** RECORD SET follows **

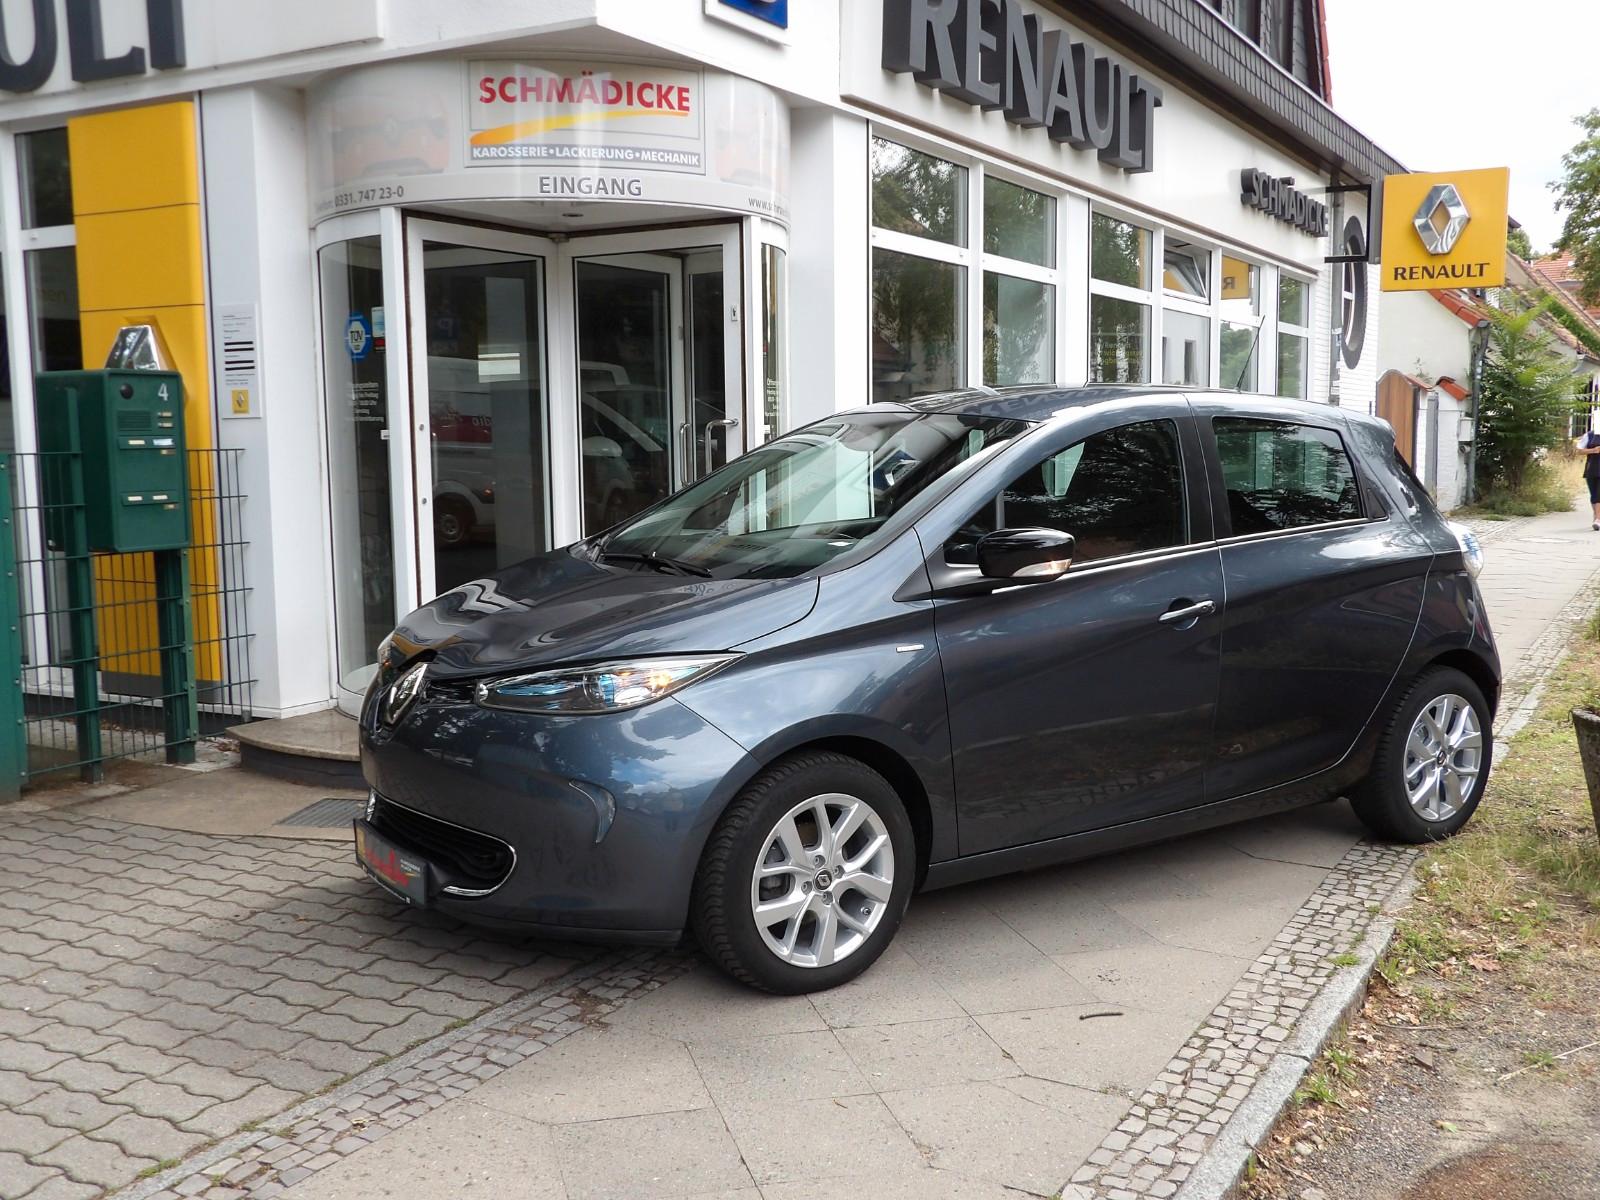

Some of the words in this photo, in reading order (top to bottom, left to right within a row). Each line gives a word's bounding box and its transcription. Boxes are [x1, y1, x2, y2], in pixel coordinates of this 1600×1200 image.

[479, 71, 690, 112] SCHMÄDICKE
[882, 0, 1163, 173] RENAULT
[379, 185, 404, 199] 23-0
[538, 176, 642, 197] EINGANG
[1241, 168, 1329, 237] SCHMÄDICKE
[1393, 263, 1490, 281] RENAULT
[158, 383, 168, 401] 4

** End of RECORD SET **

TASK TO COMPLETE> Please restate the material word for word; the pictures stay out.

FINISHED TASK>
Some of the words in this photo, in reading order (top to bottom, left to right within a row). Each line gives a word's bounding box and its transcription. Boxes are [x1, y1, x2, y2], in pixel coordinates of this 1600×1200 image.

[479, 71, 690, 112] SCHMÄDICKE
[882, 0, 1163, 173] RENAULT
[379, 185, 404, 199] 23-0
[538, 176, 642, 197] EINGANG
[1241, 168, 1329, 237] SCHMÄDICKE
[1393, 263, 1490, 281] RENAULT
[158, 383, 168, 401] 4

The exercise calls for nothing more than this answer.